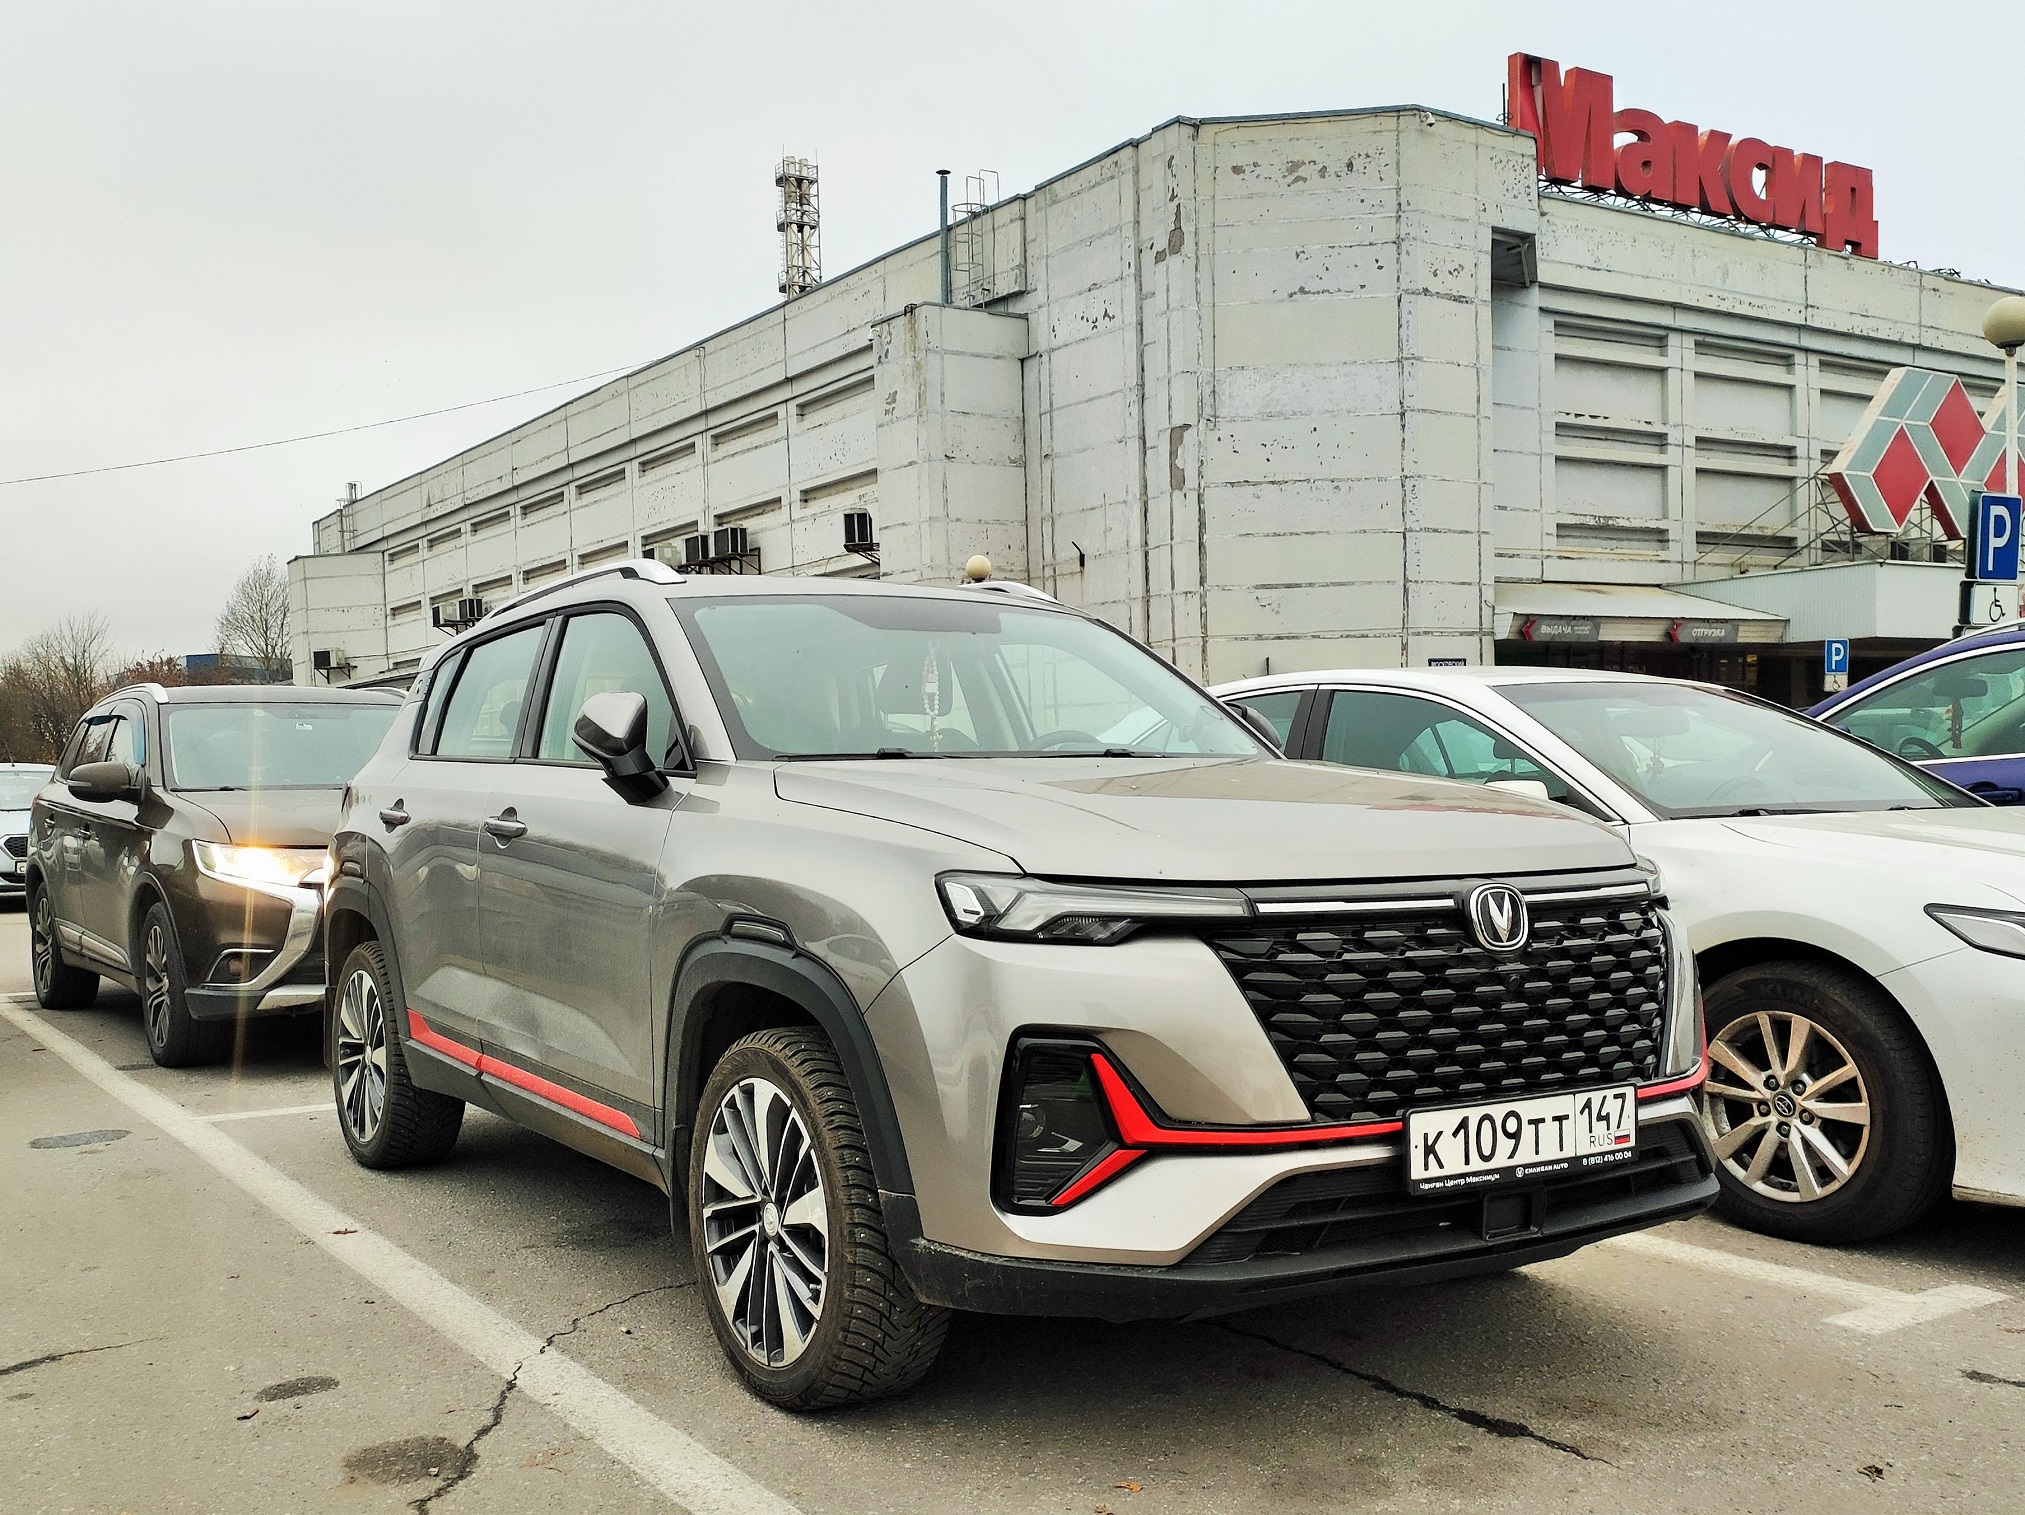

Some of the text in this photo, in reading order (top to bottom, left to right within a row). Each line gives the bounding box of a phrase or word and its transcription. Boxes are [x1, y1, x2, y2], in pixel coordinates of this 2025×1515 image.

[1987, 505, 2011, 571] P
[1541, 625, 1571, 635] ВЫДАЧА
[1692, 628, 1725, 637] ОТГРУЗКА
[1831, 643, 1844, 670] P
[1579, 1092, 1627, 1134] 147
[1589, 1133, 1613, 1148] RUS
[1588, 1155, 1603, 1166] (812)
[1615, 1152, 1623, 1160] 00
[1623, 1150, 1632, 1158] 04
[1525, 1162, 1569, 1174] CHANGAN AUTO
[1420, 1173, 1500, 1190] Чанган Центр Максимум

=-=-=

Exercise aim: Repeat each entry exactly. Pictures do not belong in the copy.

Exercise output:
Some of the text in this photo, in reading order (top to bottom, left to right within a row). Each line gives the bounding box of a phrase or word and its transcription. Boxes are [x1, y1, x2, y2], in pixel coordinates of this 2025×1515 image.

[1987, 505, 2011, 571] P
[1541, 625, 1571, 635] ВЫДАЧА
[1692, 628, 1725, 637] ОТГРУЗКА
[1831, 643, 1844, 670] P
[1579, 1092, 1627, 1134] 147
[1589, 1133, 1613, 1148] RUS
[1588, 1155, 1603, 1166] (812)
[1615, 1152, 1623, 1160] 00
[1623, 1150, 1632, 1158] 04
[1525, 1162, 1569, 1174] CHANGAN AUTO
[1420, 1173, 1500, 1190] Чанган Центр Максимум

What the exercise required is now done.